Nigeria’s economic recovery continues to remain fragile, as Fitch Solutions, the research arm of Fitch Ratings forecast the country’s real GDP to grow by a weak 1.8 percent in 2021.
This growth performance is slightly below the previously forecast real GDP growth of around 2 percent in March 2021.
Meanwhile, this growth is well below the 3.1 percent average growth forecast for sub-Saharan Africa. Given that oil price levels continue to run bullish in the ensuing months, this will strengthen the government’s fiscal position and net exports.
This notwithstanding, Fitch Solutions surmises that the impact of the growth will be largely offset by the weak domestic consumption (80% of GDP). Accordingly, this results from the slow vaccine rollout and high inflation, approximately 18.1 percent in April. In turn, this will weigh hugely on consumer confidence and purchasing power respectively, Fitch Solutions asserts.
Fitch Solutions further indicates that there is a high likelihood that the Nigerian government will miss its target of vaccinating 70 percent of the population by year end-2022. However, quite a sizable proportion will likely be inoculated to signal the authorities to lift most social distancing measures next year.

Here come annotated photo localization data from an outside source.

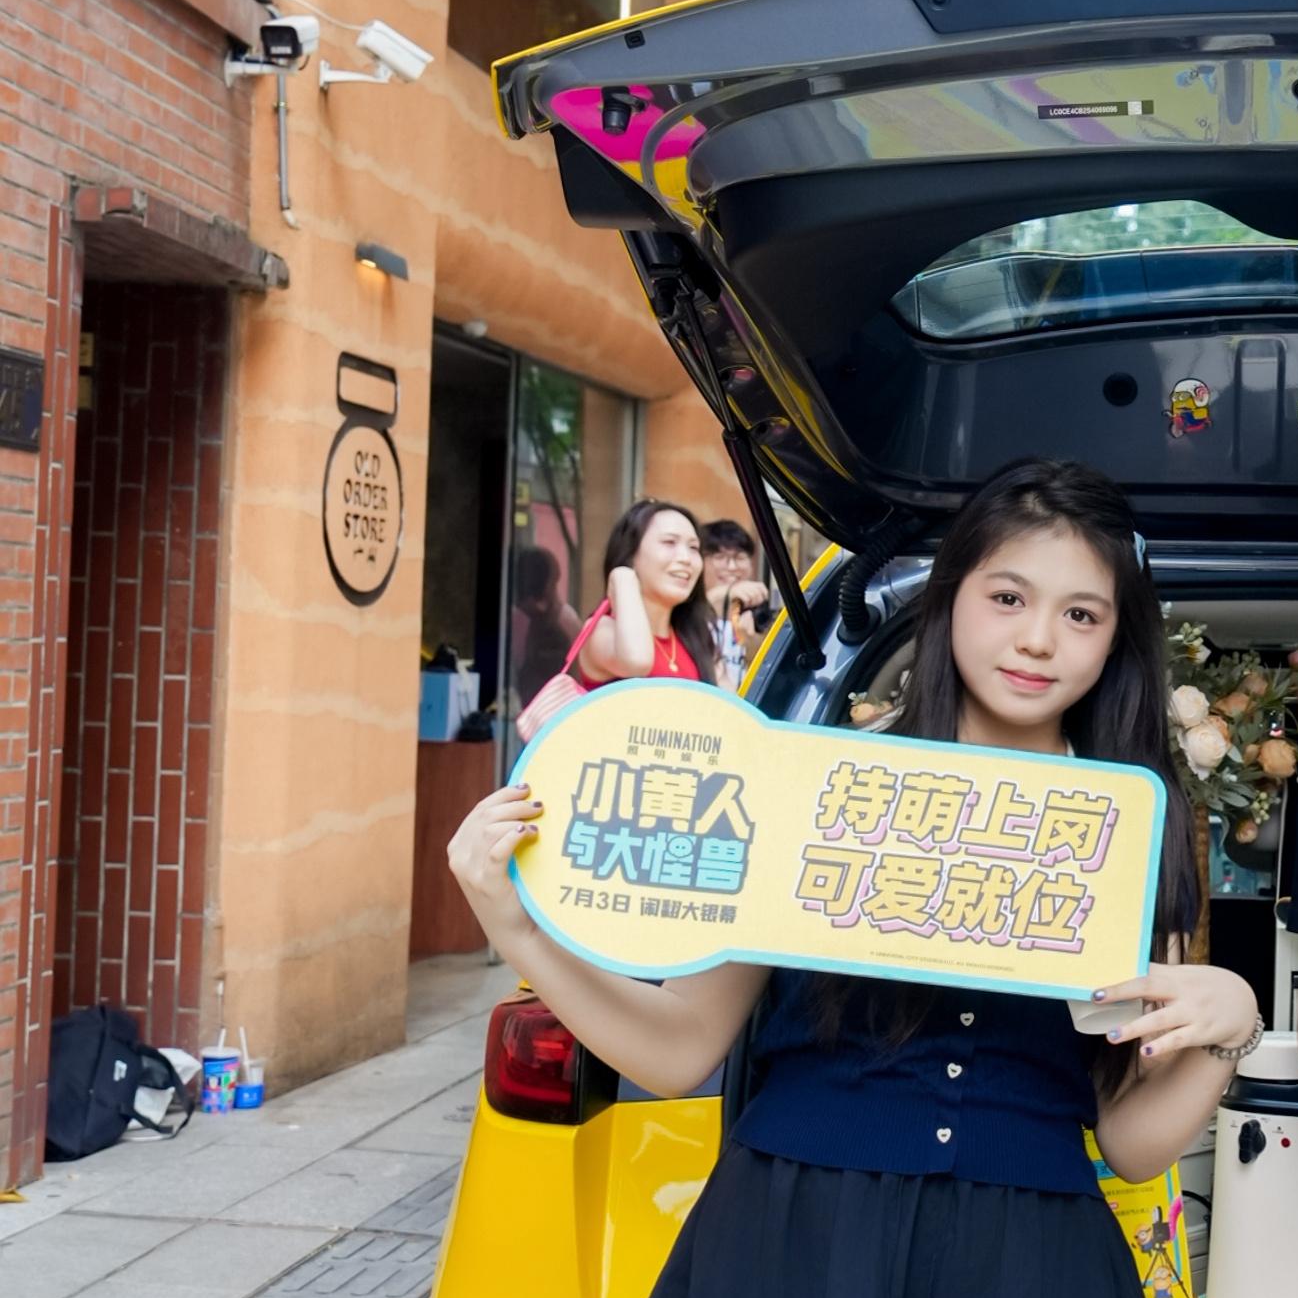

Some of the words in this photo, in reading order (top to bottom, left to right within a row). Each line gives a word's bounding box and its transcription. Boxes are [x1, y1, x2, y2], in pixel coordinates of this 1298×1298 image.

[354, 451, 381, 479] OLD
[343, 479, 388, 510] ORDER
[343, 512, 387, 544] STORE
[628, 725, 722, 756] ILLUMINATION
[573, 759, 754, 841] 小黄人
[815, 761, 1115, 864] 持萌上岗
[565, 819, 748, 893] 与大怪兽
[559, 885, 631, 914] 7月3日
[640, 896, 738, 924] 闹翻大银幕
[795, 844, 1090, 946] 可爱就位

Considering the foregoing, Fitch Solutions forecast that the resulting uptick in private consumption will see real GDP growth accelerate to 2.7 percent in 2022.

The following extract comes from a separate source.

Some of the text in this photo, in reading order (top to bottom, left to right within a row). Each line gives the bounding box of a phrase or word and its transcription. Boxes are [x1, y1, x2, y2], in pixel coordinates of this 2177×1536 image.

Available data presented by Nigeria’s National Bureau of Statistics (NBS) show that real GDP growth inched up only slightly to 0.5 percent year-on-year in Q1 2021 from 0.1 percent in Q4 2020.
Comparing growth performance in previous quarters
Based on GDP data from Q1 2021, the Nigerian economy expanded for a second consecutive quarter. This was after it experienced a technical recession in mid-2020. Particularly, at the time, the spread of the Covid-19 virus necessitated control measures such as a lockdown. Thus, real GDP contracted by 6.1 percent in Q2 2020 and 3.6 percent in Q3 2020.
Nigeria’s oil sector which plays a significant role in Nigeria’s growth, although accounting for just 9.3 percent of GDP, contributes around 90 percent of Nigeria’s goods exported. It also contributes 50.0 percent of government revenues, which fell by 2.2 percent year-on-year in Q1 2021, while the non-oil economy grew by a meagre 0.8%. This reflects a gradual, but still weak, normalisation of business activity, Fitch Solutions notes.
On the back of this development, inflation also grew in the various sectors of the economy. According to the NBS, the agriculture sector grew by 2.3% year-on-year in Q4 2020 compared to 3.4 percent in Q4 2020. This reflects slower growth in crop production comparing 2.3 percent and 3.7 percent in Q4 2020.
More so, this is caused partly by rising inequality in several key farming areas in Nigeria’s northern and central states. The industrial sector, after contracting by 7.3 percent in Q4 2020, grew by a weak 0.9 percent in Q1 2021.
On the contrary, manufacturing expanded by 3.4 percent, while the services sector fell by 0.4 percent. The growth figures in these sectors were seen amid the second wave of coronavirus infections, which resulted in a tightening of restrictions.